The primary concern associated with the utilization of AI in endoscopy and histology for UC lies in the interpretation of AI’s diagnostic output by physicians. There is apprehension that physicians lacking an integrated understanding of various factors, including clinical symptoms, laboratory results, and patient history, may overly depend on AI’s diagnostic output, potentially resulting in inadequate care. While AI has the potential to assist physicians in offering a more standardized diagnosis, especially in the case of UC patients, shared decision-making tailored to individual preferences and lifestyle habits is crucial. AI-based practices, masquerading under the banner of standardization, need to be vigilantly monitored to mitigate the risk of interference with optimal personalized medicine. Therefore, striking a balance between leveraging AI for uniform diagnoses and ensuring personalized care for UC patients remains a critical consideration.
In conclusion, the utilization of AI in the management of UC patients is an expanding field of research with high expectations. However, it is crucial to objectively acknowledge both the positive and negative implications that AI may introduce to UC management.
Future directions and conclusion: new algorithms of AI endoscopy and histology to assess and manage UC
The potential of automating the extraction of endoscopic disease activity, histologic indices, and disease phenotyping using ML image analysis applications is expected to revolutionize the standard of care for UC in the near future. AI can play a crucial role in defining remission by providing comprehensive assessments beyond human capabilities, such as quantifying vascular and mucosal patterns and subtle details. It can also assist in real-time histological evaluation, predicting histological remission, with positive implications for clinical trials and practice. Therefore, integrating AI with endoscopy and histology extends beyond diagnosis to predict disease trajectories and clinical outcomes in colitis and offers the promise of identifying new treatment target goals leading to better long-term outcomes for patients.

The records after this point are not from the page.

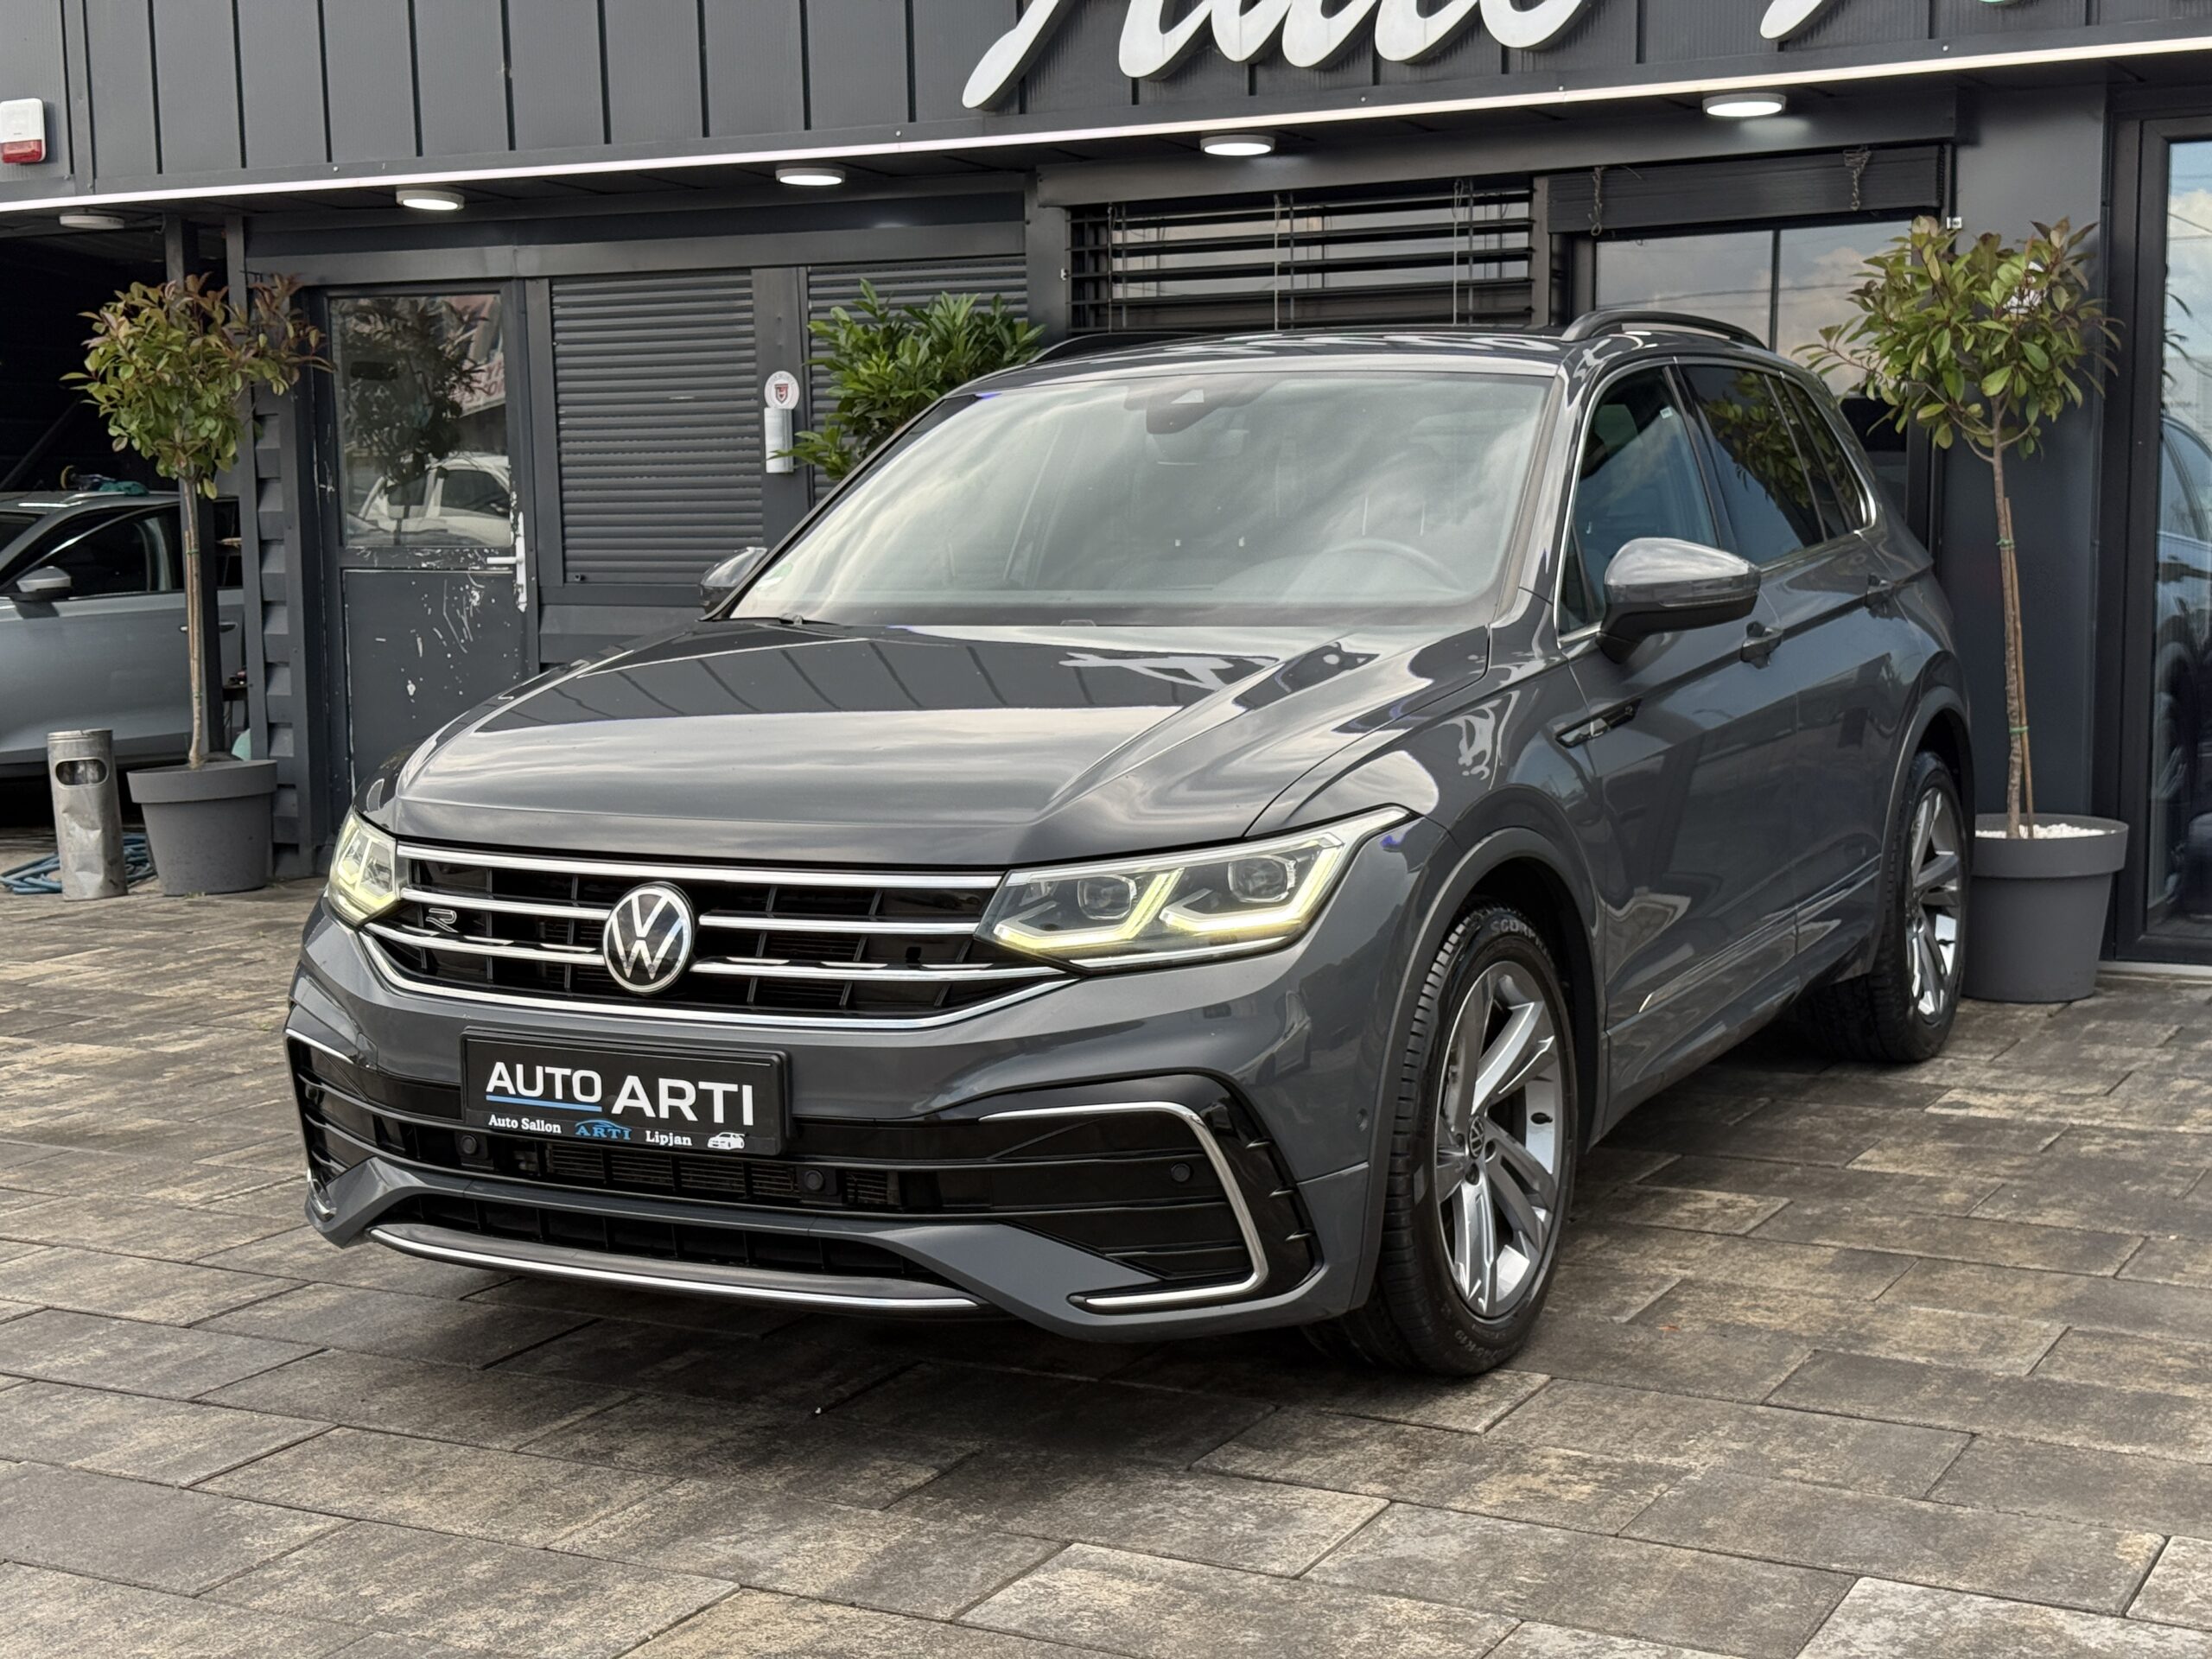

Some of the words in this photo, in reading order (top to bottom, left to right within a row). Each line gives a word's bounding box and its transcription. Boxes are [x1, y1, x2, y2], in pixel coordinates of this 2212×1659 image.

[608, 887, 689, 985] VW
[486, 1061, 603, 1104] AUTO
[611, 1075, 754, 1127] ARTI
[488, 1114, 518, 1129] Auto
[521, 1117, 563, 1135] Sallon
[575, 1124, 632, 1141] ARTI
[645, 1130, 692, 1147] Lipjan

Most studies employing AI in UC have been post hoc evaluations or single-center, prospective studies. While one of exception is the PICaSSO multicenter, international, prospective study in which PICaSSO endoscopy and histology AI were developed based on numerous AI endoscopy videos and histological slides in a large patient cohort. 53 In the future, the developed AI needs to be used in real-time in real clinical practice and randomized controlled trials are required to better clarify the benefits and limitations. In the context of clinical trials, an AI/ML algorithm could be used to select patients accurately and thus reduce reliance on human central readers. However, since the training of CNNs for specific findings depends on human judgments, AI currently cannot surpass humans, as humans serve as the point of reference. Besides, AI systems that integrate disease activity beyond human cognitive limitations would need validation through disease outcomes, both short-, mid-, and long-term. While AI has the potential to assist physicians in offering a more standardized diagnosis, especially in the case of UC patients, shared decision-making tailored to individual preferences and lifestyle habits remains crucial. Integrating large datasets from multiple sources, including clinical symptoms, endoscopic read-outs, histopathology, and gene expression values, through AI can provide further insight into IBD and lead to the discovery of novel biomarkers. This fusion of AI with new advanced endoscopy technologies and histology has the potential to redefine our understanding of disease progression, response assessment, and treatment planning. This will require the cooperation and commitment of endoscopists, specialists, and societies. Thus, in the future, new AI algorithms for the clinical management of IBD patients by integrating innovative endoscopic tools with AI systems and molecular endoscopy hold the potential to deliver precision medicine in IBD, turning what was once a vision into an achievable reality.